Marlène Mckinnon vivait à un rythme aussi rapide que si le Sinitros la coursait, chose qui l'aida à chasser de sa tête le beau brun ténébreux qui continuait de se pavaner comme un paon dans le château, qui continuait de montrer insouciance à l'extérieur alors qu'à l'intérieur il était aussi impliqué dans la quête de la vérité que Marlène, sans qu'aucun d'eux ne le sache.

Marlène recevait souvent des réprimandes de ses professeurs en cours, la tête ailleurs, l'ouïe aiguisée, elle écoutait plus aux portes qu'aux professeurs, elle travaillait d'arrache-pied dans sa quête obsessionnelle, jonglait entre entrainement de Quidditch et espionnage, elle révisait rarement ses cours et le professeur Mcgonagal finit par l'interpeller, avant la fin du premier mois de cette nouvelle année.

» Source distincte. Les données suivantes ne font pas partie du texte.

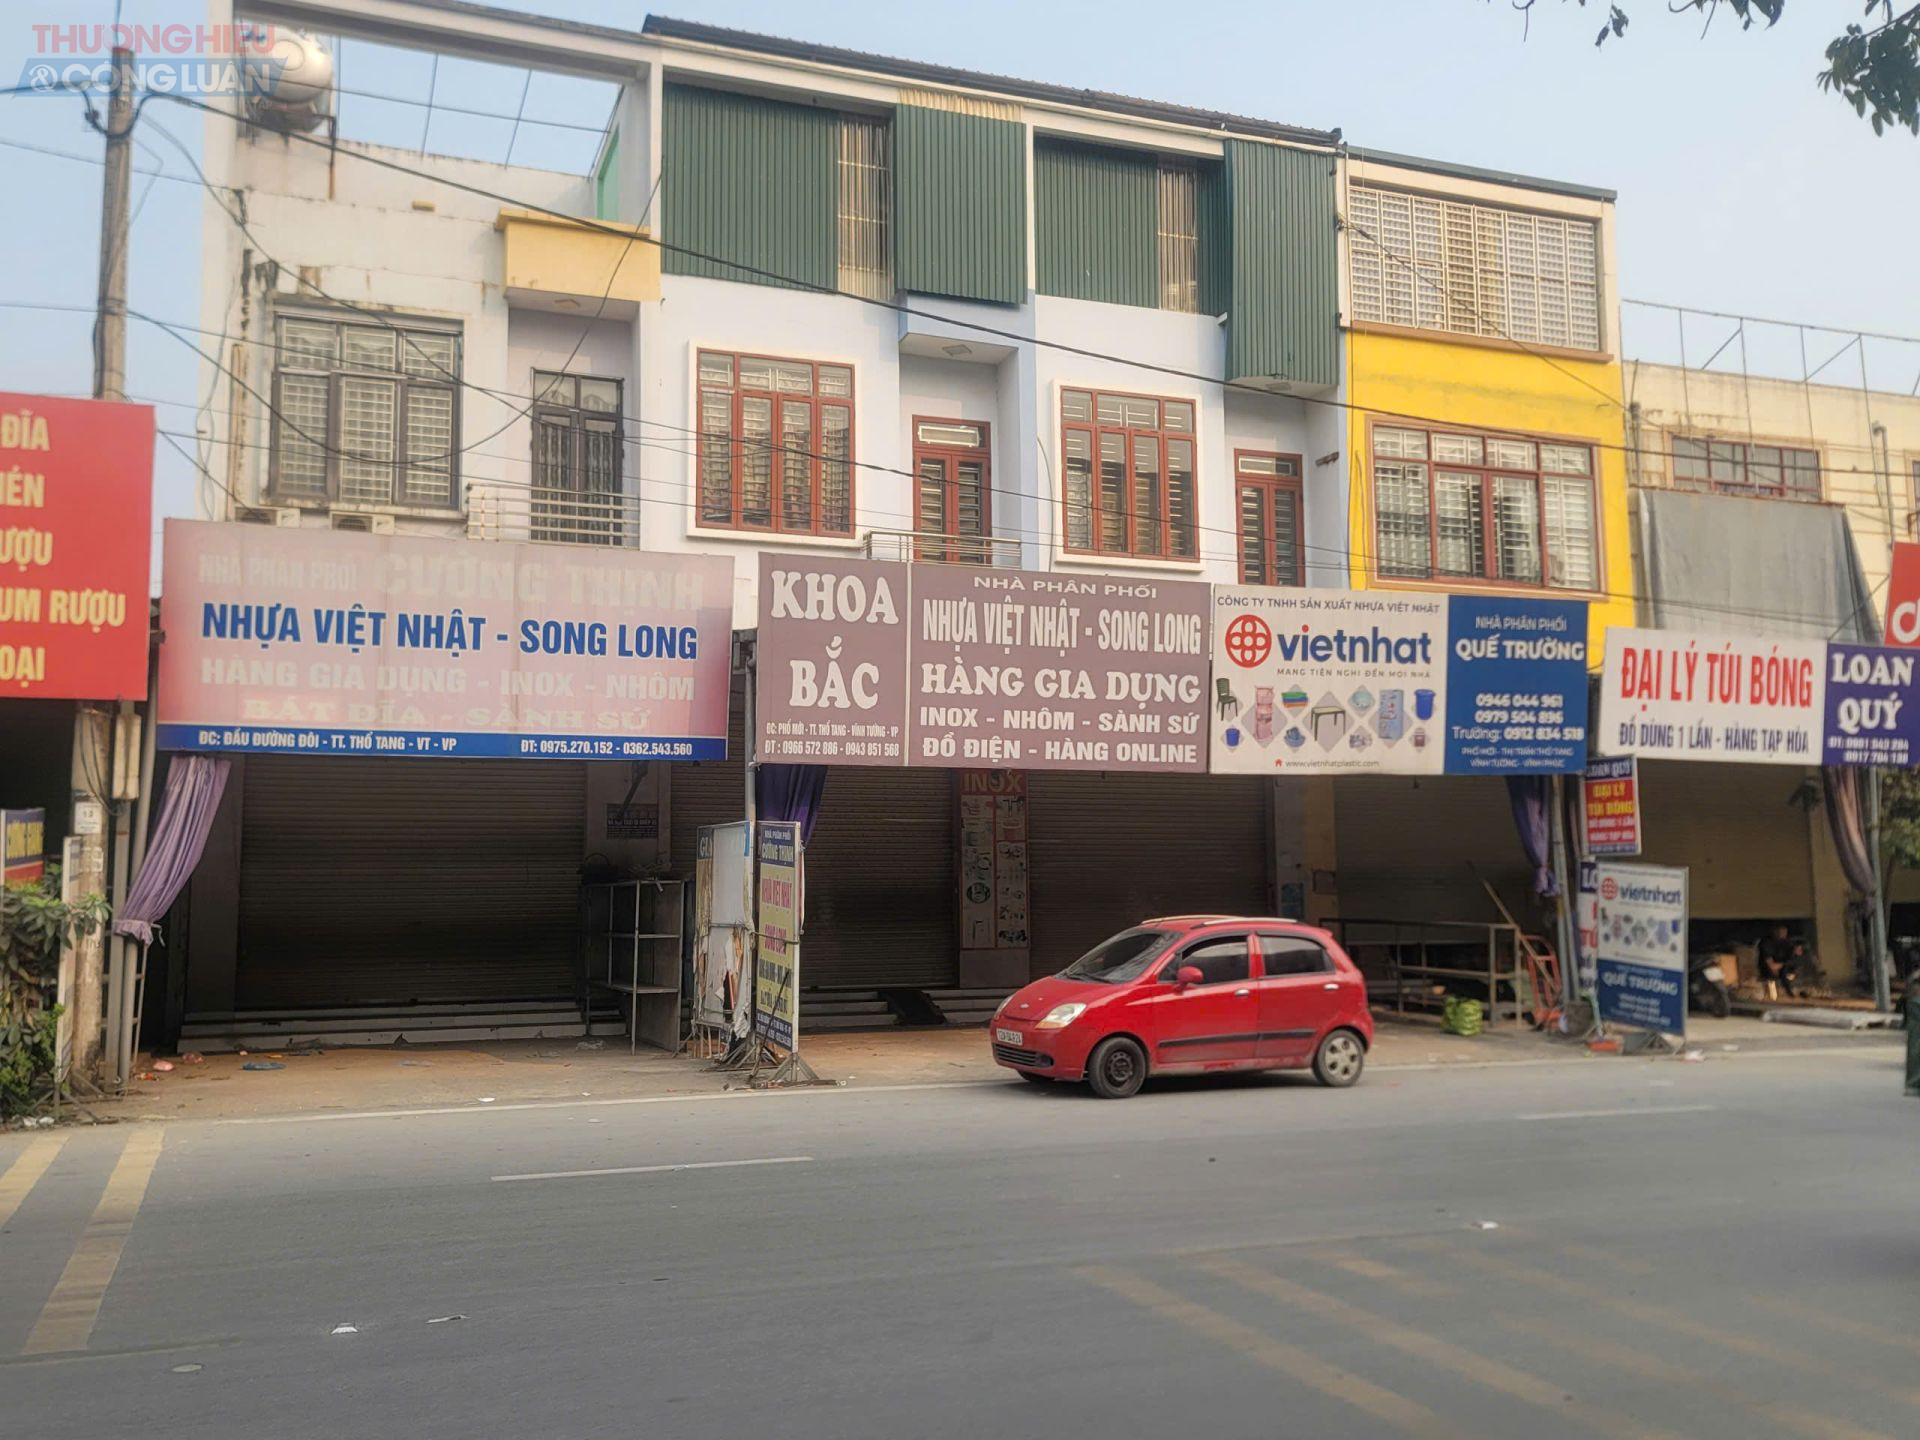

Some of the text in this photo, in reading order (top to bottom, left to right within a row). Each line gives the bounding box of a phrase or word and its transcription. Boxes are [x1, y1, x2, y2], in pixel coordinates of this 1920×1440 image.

- Bonsoir professeur. Dit Marlène en sortant sa baguette et en s'asseyant devant sa directrice de maison comme chaque lundi soir.

- Rangez votre baguette, Marlène. Nous allons un peu discuter.

Le ton maternel de Minerva n'échappa pas à Marlène, bien au contraire, il eut pour effet d'aiguiser sa méfiance et d'hérisser les poils de sa nuque.

- Quelqu'un est mort ? Demanda Marlène de but en blanc.

Minerva Mcgonagal hésita entre rire ou pleurer à cette remarque. Elle inspira profondément et finit par émettre un sourire doux, puis se leva pour s'asseoir au coin de son bureau comme elle ne le faisait jamais. Elle ouvrit une boite devant Marlène et lui offrit un gâteau. Marlène, toujours déroutée devenait de plus en plus effrayée en voyant la réaction aussi maternelle de la femme qui l'effrayait le plus dans ce château.

- Vous pouvez me dire professeur, je peux encaisser.

- Personne n'est mort, ou du moins, personne que vous connaissez.

- Alors, pourquoi… ?

Marlène aurait voulu continuer la phrase par « vous êtes gentille » mais cela équivaudrait à avouer à la femme intransigeante devant elle qu'elle était d'habitude méchante.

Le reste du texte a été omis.